Regular readers may recall the frustration I reported when calls to Uniontown Hospital to alert them to a security breach went unanswered. I’m not the only one who can’t get a response when a response might be in the entity’s best interests. Consider this report by security blogger Brian Krebs:

Organized hackers in Ukraine and Russia stole more than $1 million from a public hospital in Washington state earlier this month. The costly cyberheist was carried out with the help of nearly 100 different accomplices in the United States who were hired through work-at-home job scams run by a crime gang that has been fleecing businesses for the past five years.

Last Friday, The Wenatchatee World broke the news of the heist, which struck Chelan County Public Hospital No. 1, one of several hospitals managed by the Cascade Medical Center in Leavenworth, Wash.

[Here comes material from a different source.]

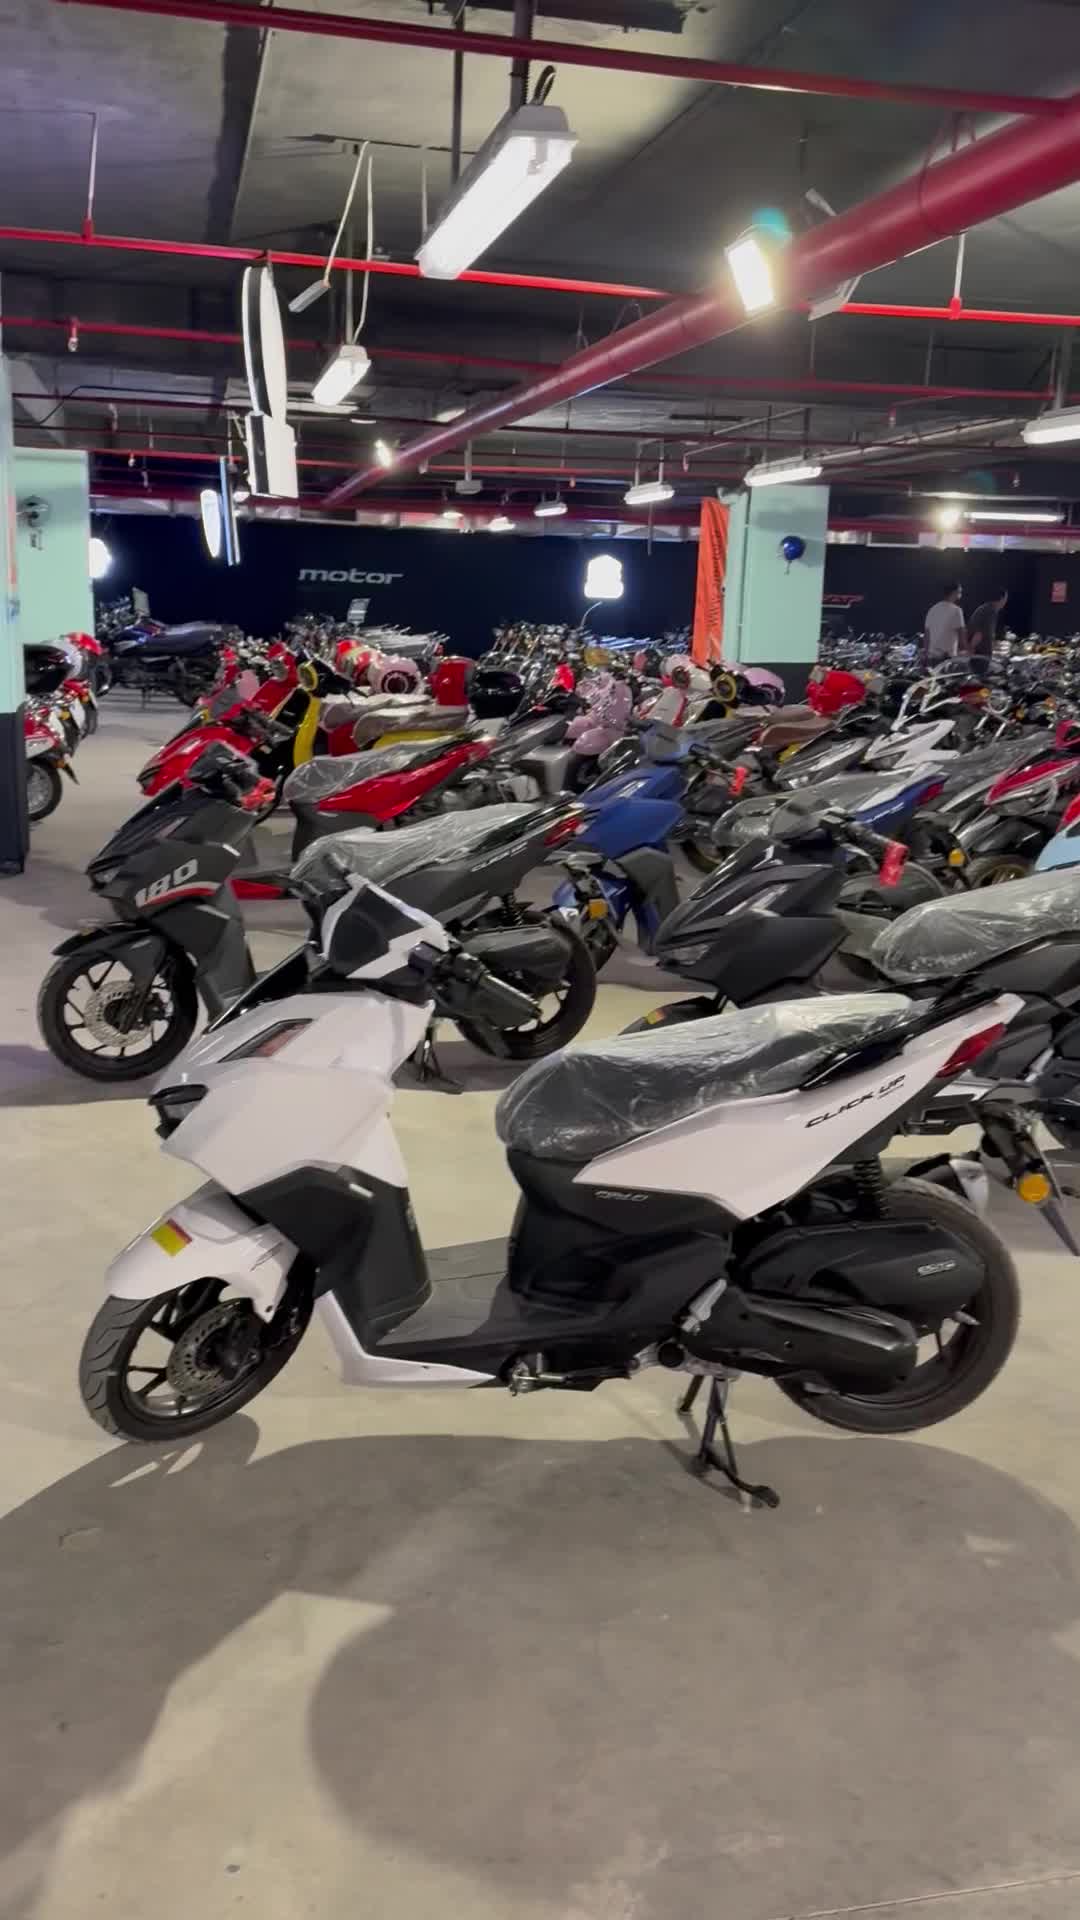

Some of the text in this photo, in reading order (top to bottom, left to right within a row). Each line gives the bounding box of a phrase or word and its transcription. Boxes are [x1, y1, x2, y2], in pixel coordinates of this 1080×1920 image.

[299, 568, 404, 584] motor
[135, 858, 199, 908] 180
[804, 1074, 906, 1128] CLICK UP

The publication said the attack occurred on Apr. 19, and moved an estimated $1.03 million out of the hospital’s payroll account into 96 different bank accounts, mostly at banks in the Midwest and East Coast.

On Wednesday of last week, I began alerting the hospital that it had apparently been breached. Neither the hospital nor the staff at Cascade Medical returned repeated calls. I reached out to the two entities because I’d spoken with two unwitting accomplices who were used in the scam, and who reported helping to launder more than $14,000 siphoned from the hospital’s accounts.

Read more on KrebsOnSecurity.

Maybe if insurers decline to cover losses if they find out that someone tried to warn the entity and the entity ignored or failed to respond to the attempted alerts, it would help?